絶対博貴の方が先にダウンするだろうと思っていたからだ。
ま……俺はゆっくりワインを楽しませて貰うし……いいや……
大地はこの突然巡ってきたチャンスに、気分が良かった。
「じゃあ大地、乾杯~」
と言って飲みだした二人は、一時間後にはへべれけに酔っぱらった男二人が出来上がっていた。
「……でねえ……もう堪らない客が居るんだよ……私も困ってるんだよねえ……」
ワインのボトルを片手に持ち、博貴はソファーに深く背をもたれさせていた。
「……ん?そう言えば……どういう客がいるんだあ?聞いたこと無かったな……」
大地の方はチビチビとグラスに入ったワインを飲んでいる。意識はあるのだが、かなり酔っている自分を自覚していた。
「あのねえ……くすくす……私のあれをいきなり掴んで、光さんのあれって小さいんだ~って言うんだよ。勃起させて見せてとかねえ……困るんだよねえ……お客さんだから怒ることが出来なくて……」
「わはははははは。お前って小さかったのか?」
大地は可笑しくて堪らなかった。
「ちがうよ……。そうじゃなくてねえ……私の玉を握ってたんだな。そんなもの揉んだってでかくなんかならないって……」
ふうと息を吐いて博貴は再度ワインのボトルをそのままラッパ飲みした。だが大地はまた大声で笑った。

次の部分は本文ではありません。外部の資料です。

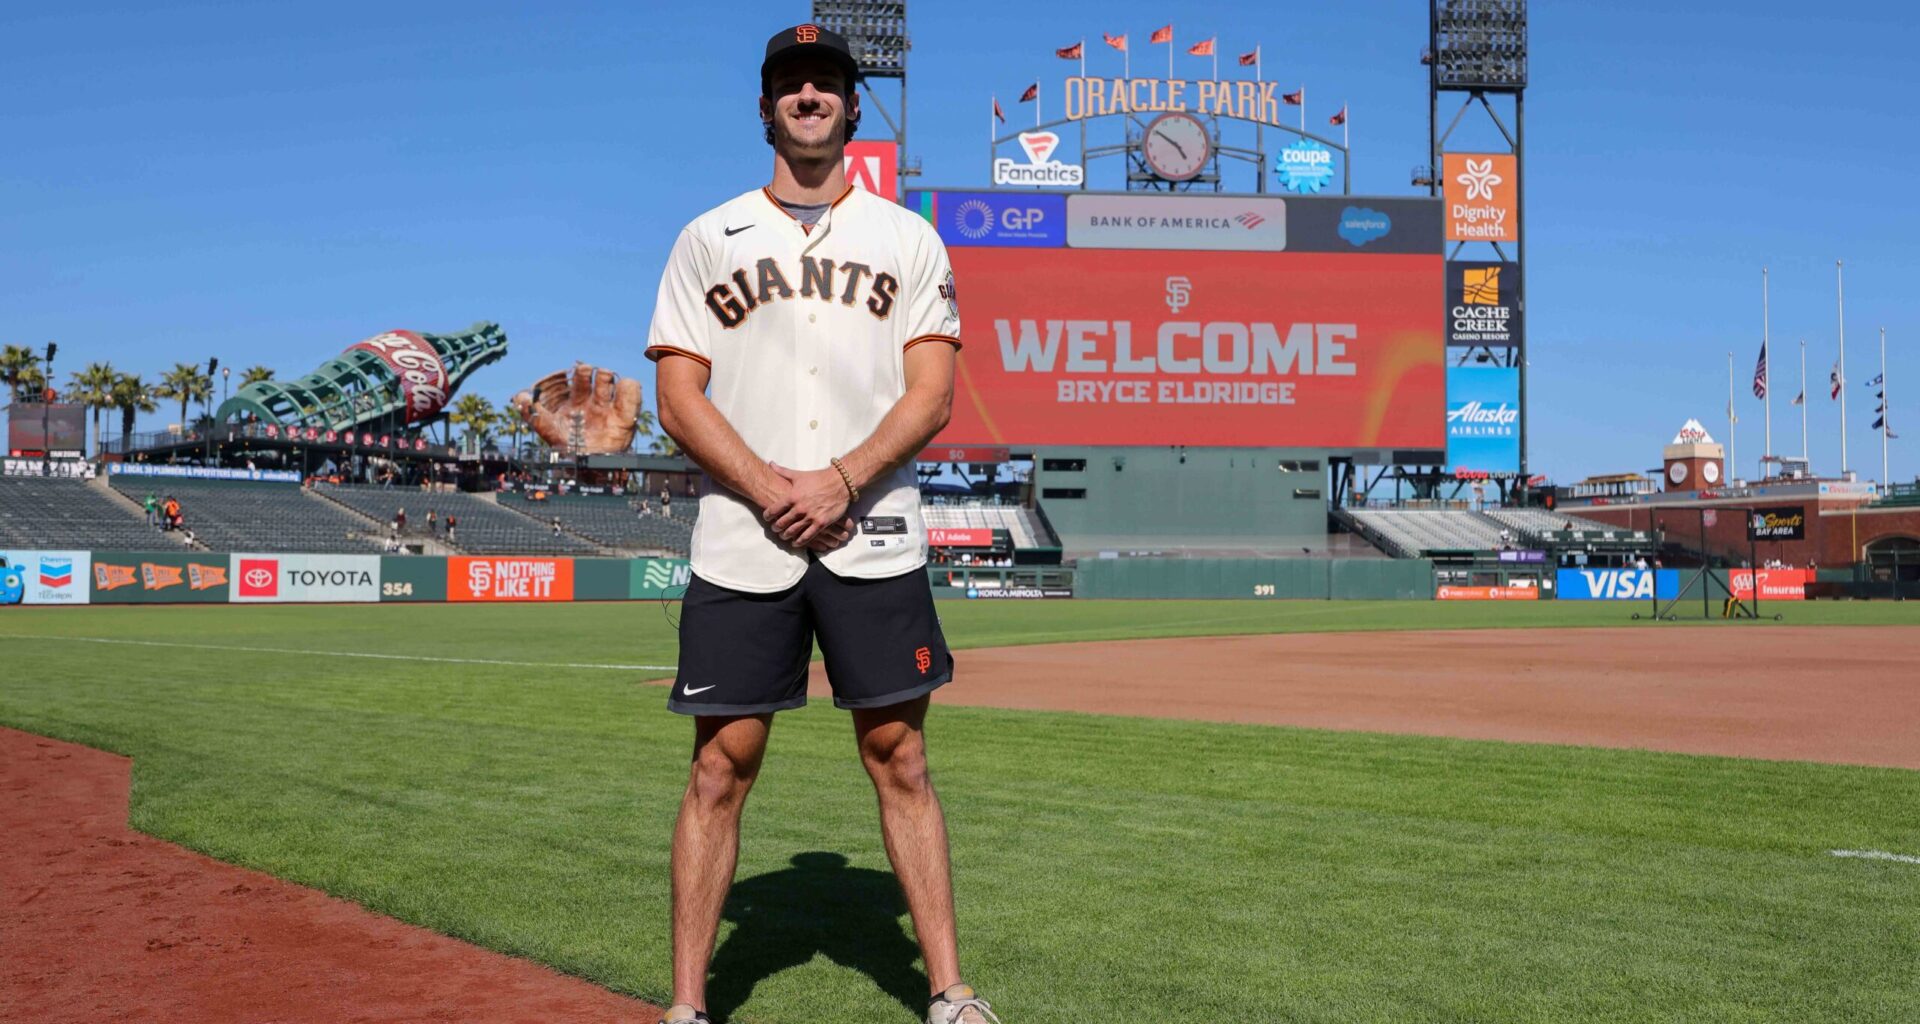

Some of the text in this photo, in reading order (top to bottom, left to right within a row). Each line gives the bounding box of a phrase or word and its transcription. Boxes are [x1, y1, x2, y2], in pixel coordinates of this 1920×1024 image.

「君ねえ……私はこれでも結構ホストとして苦労してるんだからねえ……分かってるのかなあ……」
博貴の大地を見つめる瞳は、もうただの酔っぱらいだった。
「俺だってねえ……やなことあるぞ……」
大地はよろよろとした手つきでワインをグラスに注ぐと、ぐいっと飲んだ。
「おお……大ちゃん良い飲みっぷり~」
パチパチと手を叩きながら博貴はそう言った。
「いや……だからな。やなことだよ。俺の同僚なんだけどな……俺の前じゃあ、大ちゃんって可愛いい~なんて言うくせによ……影でなんて言ってたと思う?」
机に腰をかけ、博貴の方を向いて大地は言った。
「犯したい男ナンバーワン!!」
びしっと指を何故かブイの字にして博貴は大地を指した。
「わはははははっ……。それ……いいな……って、違うよう……俺がねえ……言われてたのは……ちびって……」
博貴の問題発言も全く大地には理解できていない。要するに二人とも酷く酔っているのだ。
「ちびってなんだい?」
ん~?という問いかけの顔に大地は更に言った。
「背が低いって言われてたんだ」
思い出してむかついた大地は更にワインを煽った。
「え、大地は低いだろう。何処が間違ってるんだい?」
当然のようにそう言った博貴は三本目のワインを開けていた。
「五月蠅い~俺はまだ成長期なんだ~!これからにょきにょき伸びていくんだーー!毎日牛乳飲んでるんだから絶対伸びるんだからなっ!」
「わははっ!わはははははは。無理無理~大ちゃんはちびだっ!ちびのままだ!」
両足を上げて博貴はそう言った。
「う、五月蠅い五月蠅い~俺はでっかくなるんだっ!絶対いつかお前を越してやるからなあ!」
博貴の方へ飛びかかり、大地はぼかすかと胸元を殴った。だが酔っているために力が入っていない。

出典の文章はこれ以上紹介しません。